Contract test that exercises every default the substrate ships: - Scheduler builds with `America/New_York` default; per-source override flows through. - JoshHttpClient applies UA, rate limit, retry, timeout defaults. - api.data.gov budget allocator splits 1000/hr per the documented table; auto-scales on observed `X-RateLimit-Limit` header. - `pdf_v1` normalizer ships and passes the 12-sample validation suite under `tests/normalizers/test_pdf_v1.py`. - `BrowserClient` singleton lazy-spawns once and produces per-source contexts. - Corpus path helpers in `josh_substrate.corpus` produce the documented per-source subpaths; atomic write helper round-trips via tmp-then-rename. Determiner currently fails because: (a) `shared/josh_substrate/tests/test_source_defaults.py` does not yet exist; (b) the api.data.gov budget allocator and BrowserClient singleton are not yet implemented; (c) `pdf_v1` and its 12-sample validation suite are not yet implemented.

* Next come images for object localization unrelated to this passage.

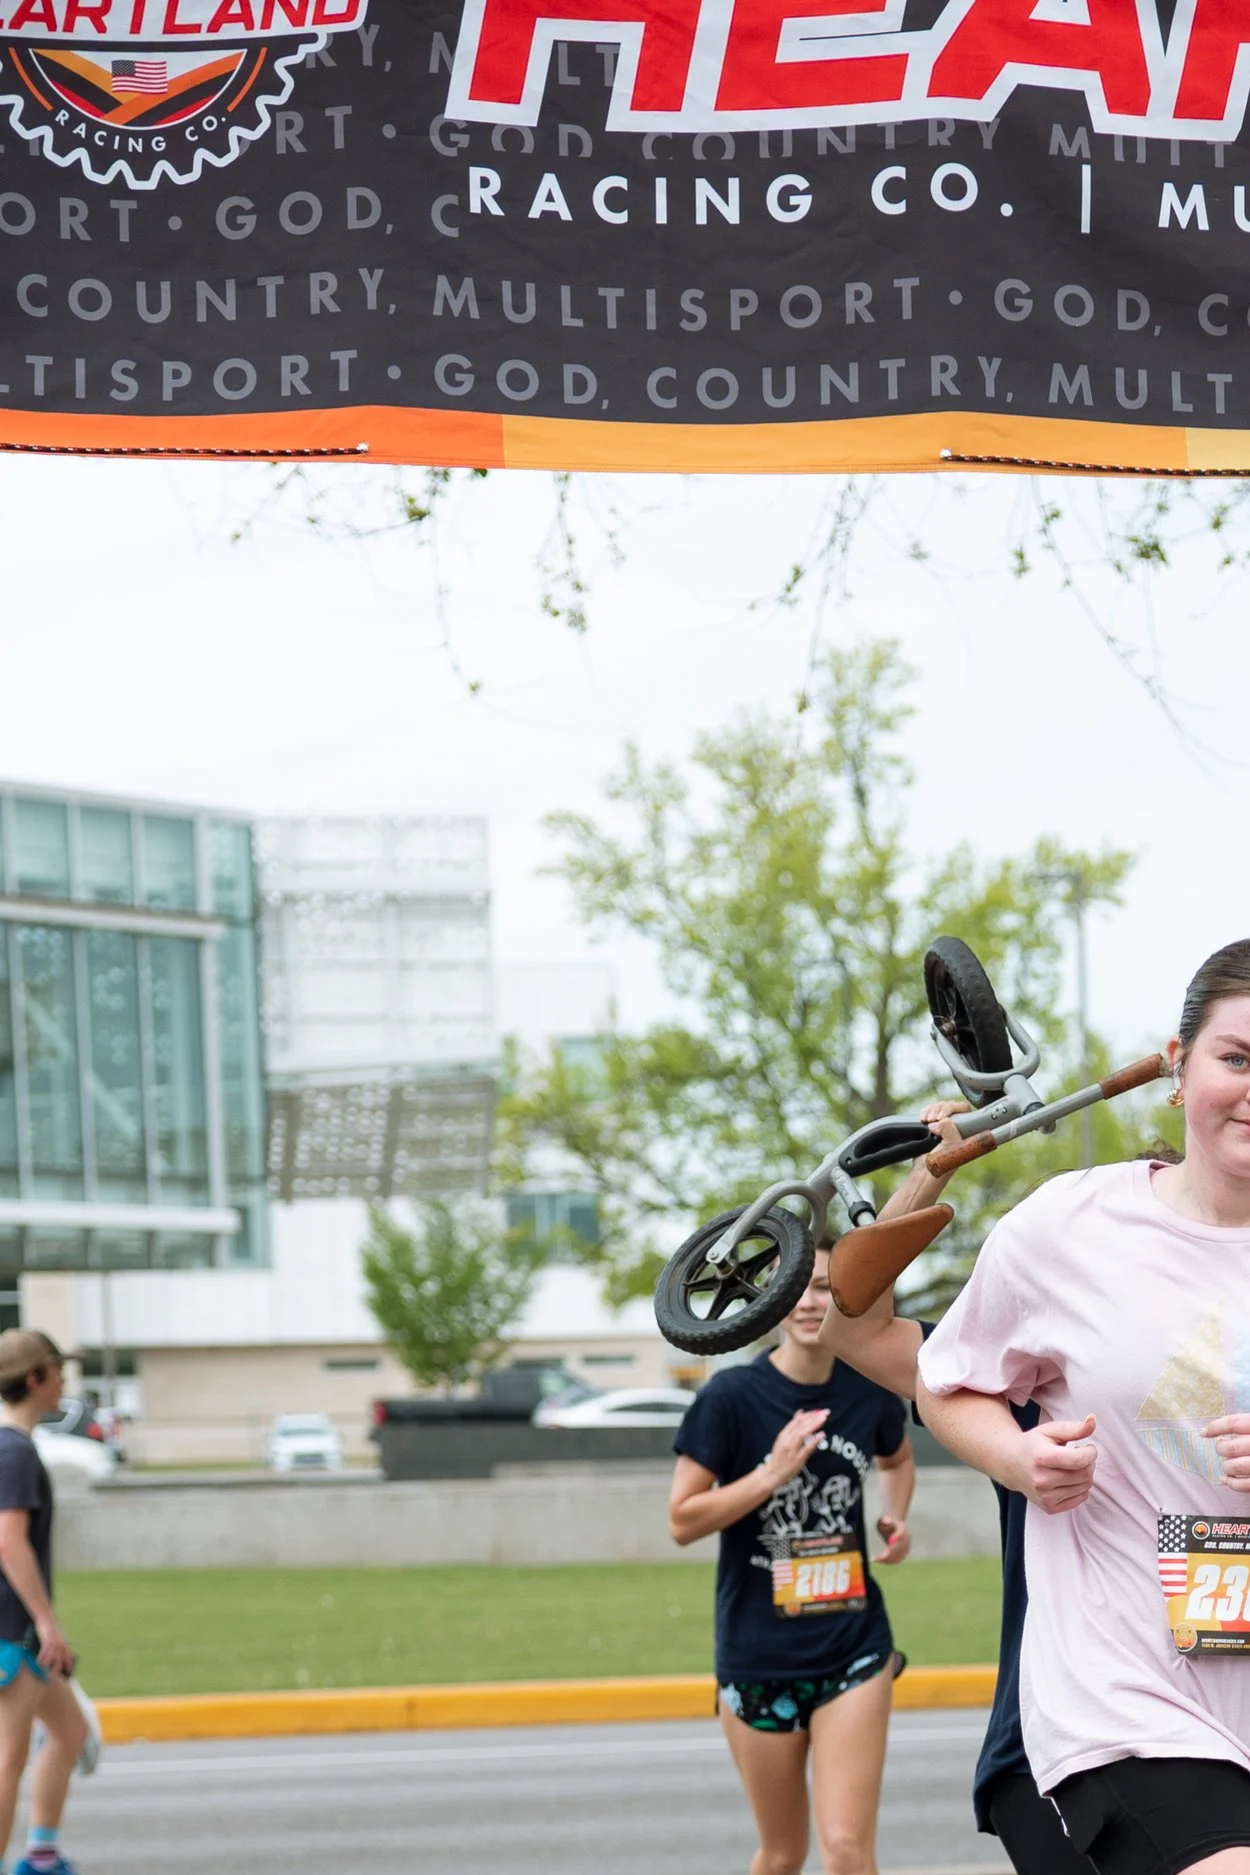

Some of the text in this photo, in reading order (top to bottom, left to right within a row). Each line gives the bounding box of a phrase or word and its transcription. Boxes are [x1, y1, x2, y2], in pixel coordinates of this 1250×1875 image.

[56, 110, 166, 152] RACING
[186, 115, 226, 141] CO.
[216, 187, 393, 240] GOD,
[469, 165, 812, 224] RACING
[871, 163, 1013, 216] CO.
[17, 268, 396, 323] COUNTRY,
[433, 275, 919, 331] MULTISPORT
[994, 279, 1162, 336] GOD,
[434, 354, 609, 409] GOD,
[647, 355, 1013, 409] COUNTRY,

Will flip to passing as the implementation lands across `shared/josh_substrate/` and `josh-ingester/ingester/`.

None.

  • Specific source ingester implementations — those live in per-source ingester specs (`bills-ingester`, `gao-reports-ingester`, etc.) which now depend on this spec.
  • OCR fallback for scanned PDFs — defer to v1.x when a real need surfaces.
  • Marker (LLM-assisted PDF) integration — defer to v1.x; preserve the option as a `pdf_v2` track.
  • Extraction of headed-browser into a separate `josh-fetcher` container — deferred until single-process Chromium hits a real scaling wall.
  • api.data.gov backfill burst mode (`--burst` flag) — deferred to v1.x.
  • Application-layer compression of raw bytes — deferred; filesystem-level compression is the preferred answer if disk pressure surfaces.
  • On-disk version history of raw payloads — restic snapshot tier IS the version history.
  • Source-specific HTTP, browser, or PDF customizations — those override the defaults via per-source attributes; this spec defines the defaults, not the override mechanism beyond noting it exists.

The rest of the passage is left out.